== Exercise requirements ==
Please set down each of the lines below once more, exactly, omitting all pictures.

== Records provided ==
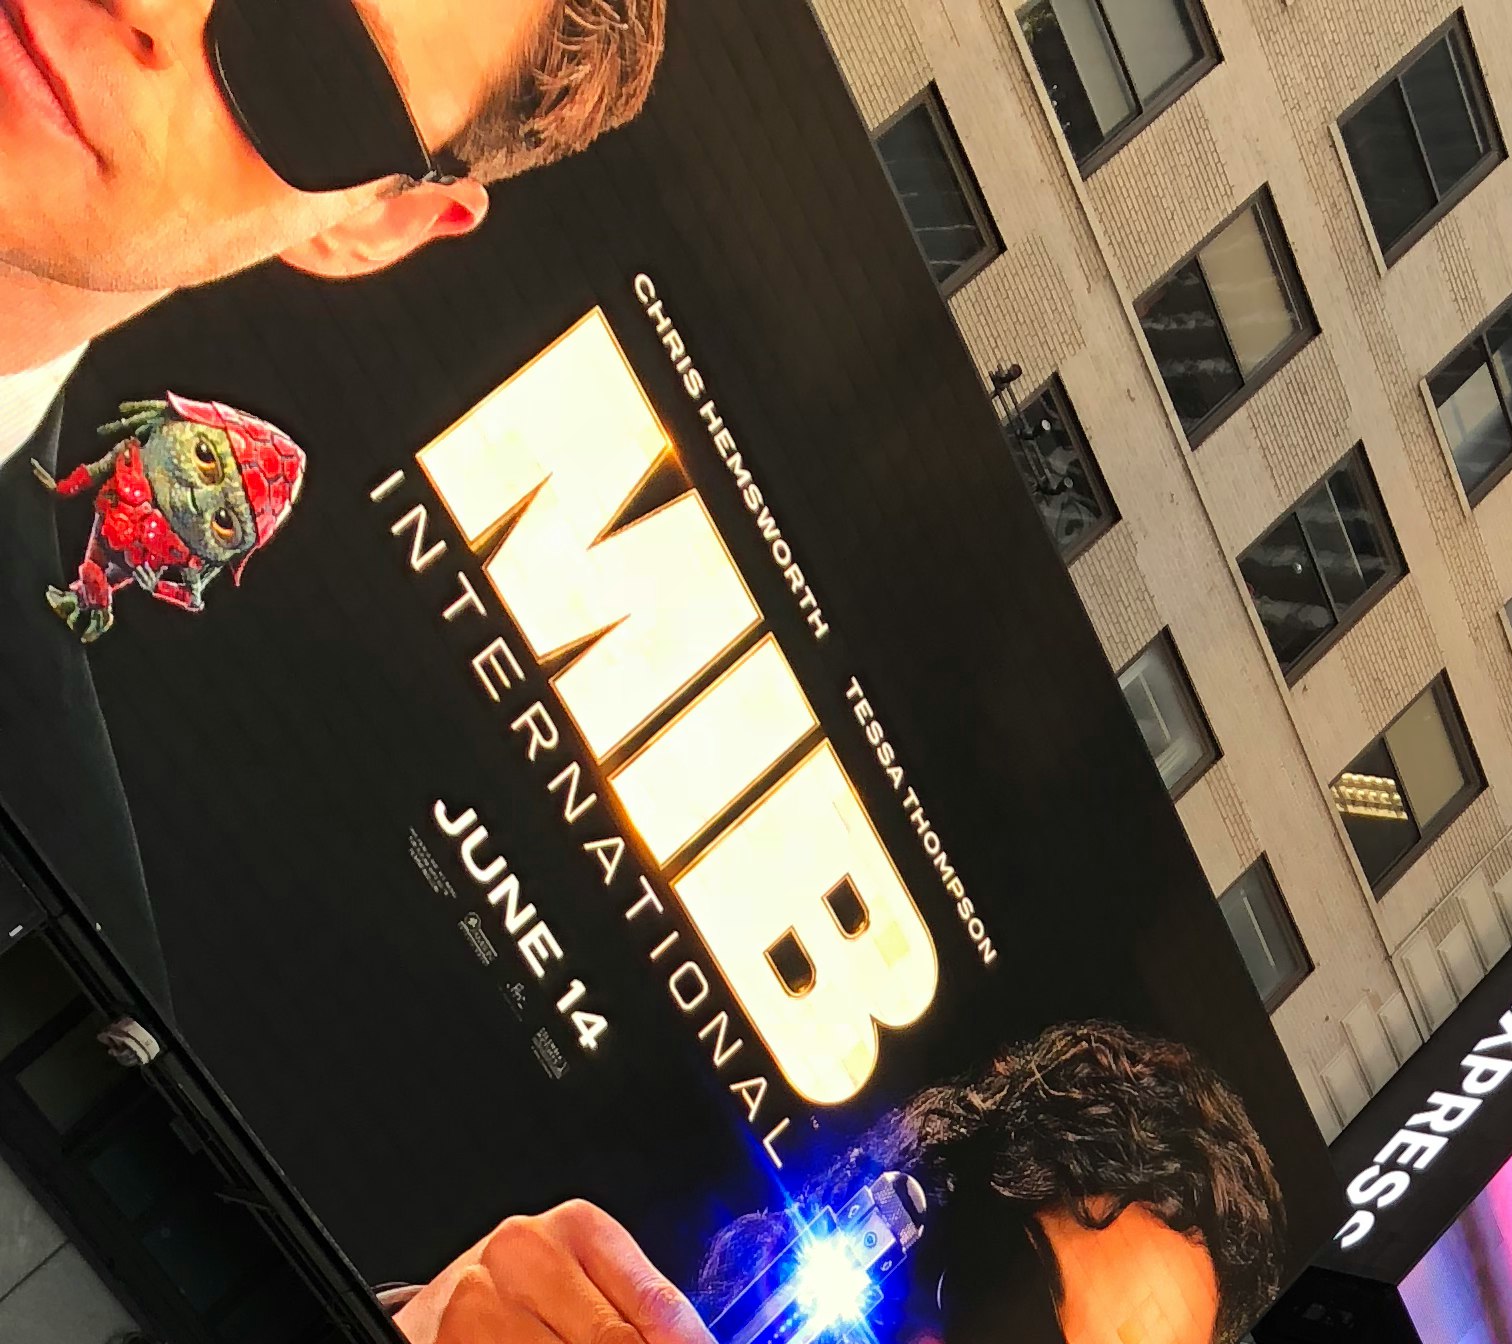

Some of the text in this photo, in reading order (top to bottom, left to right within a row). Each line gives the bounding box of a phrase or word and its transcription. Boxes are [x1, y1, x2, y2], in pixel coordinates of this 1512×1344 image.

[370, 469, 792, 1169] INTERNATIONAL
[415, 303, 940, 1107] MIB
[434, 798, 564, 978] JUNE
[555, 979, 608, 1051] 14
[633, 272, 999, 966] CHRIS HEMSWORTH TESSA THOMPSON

== Output for this task ==
Some of the text in this photo, in reading order (top to bottom, left to right within a row). Each line gives the bounding box of a phrase or word and its transcription. Boxes are [x1, y1, x2, y2], in pixel coordinates of this 1512×1344 image.

[370, 469, 792, 1169] INTERNATIONAL
[415, 303, 940, 1107] MIB
[434, 798, 564, 978] JUNE
[555, 979, 608, 1051] 14
[633, 272, 999, 966] CHRIS HEMSWORTH TESSA THOMPSON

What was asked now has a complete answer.